Work instruction – Could you retype every line below exactly, omitting the images?

_ _ _ _

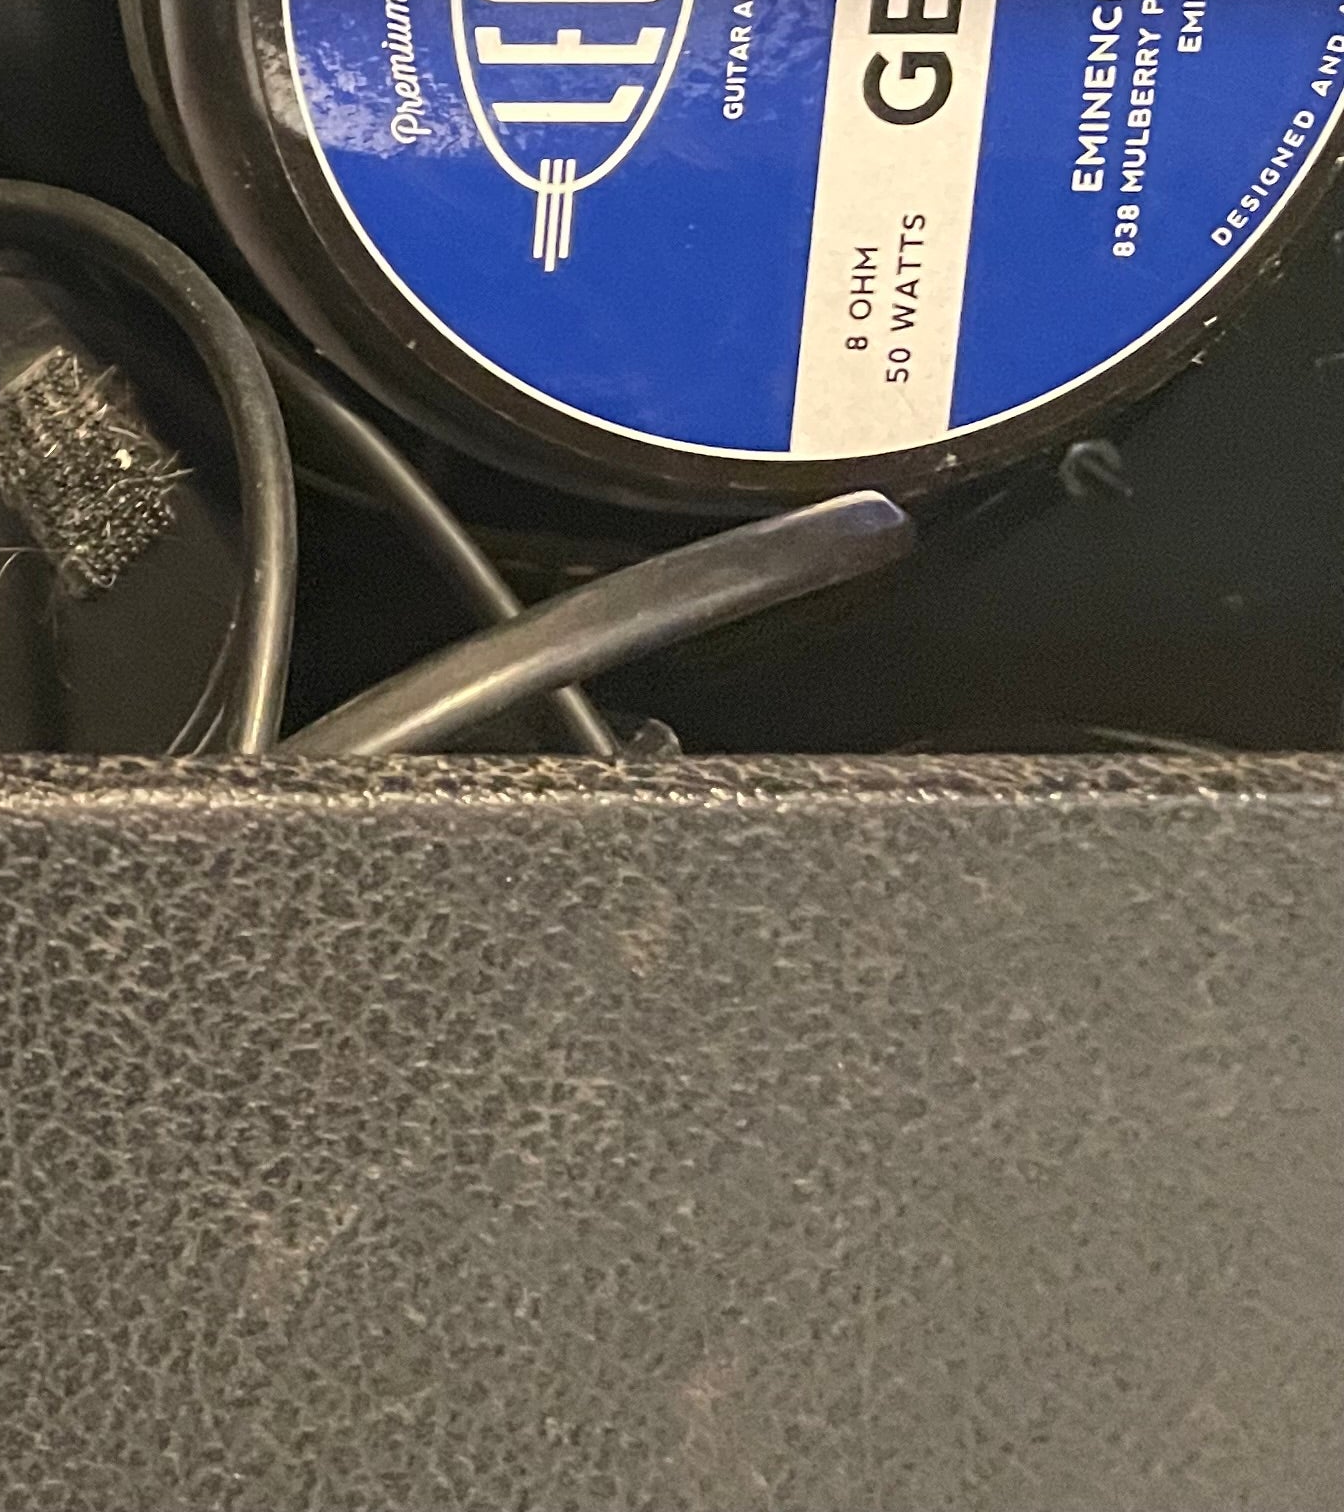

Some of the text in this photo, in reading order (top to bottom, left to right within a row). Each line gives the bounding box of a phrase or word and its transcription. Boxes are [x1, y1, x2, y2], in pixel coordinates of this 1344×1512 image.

[723, 26, 751, 120] GUITAR
[1119, 27, 1162, 193] MULBERRY
[1211, 35, 1344, 246] DESIGNED AND
[885, 214, 926, 383] 50 WATTS
[1112, 204, 1141, 258] 838
[845, 247, 879, 351] 8 OHM

_ _ _ _

Written response –
Some of the text in this photo, in reading order (top to bottom, left to right within a row). Each line gives the bounding box of a phrase or word and its transcription. Boxes are [x1, y1, x2, y2], in pixel coordinates of this 1344×1512 image.

[723, 26, 751, 120] GUITAR
[1119, 27, 1162, 193] MULBERRY
[1211, 35, 1344, 246] DESIGNED AND
[885, 214, 926, 383] 50 WATTS
[1112, 204, 1141, 258] 838
[845, 247, 879, 351] 8 OHM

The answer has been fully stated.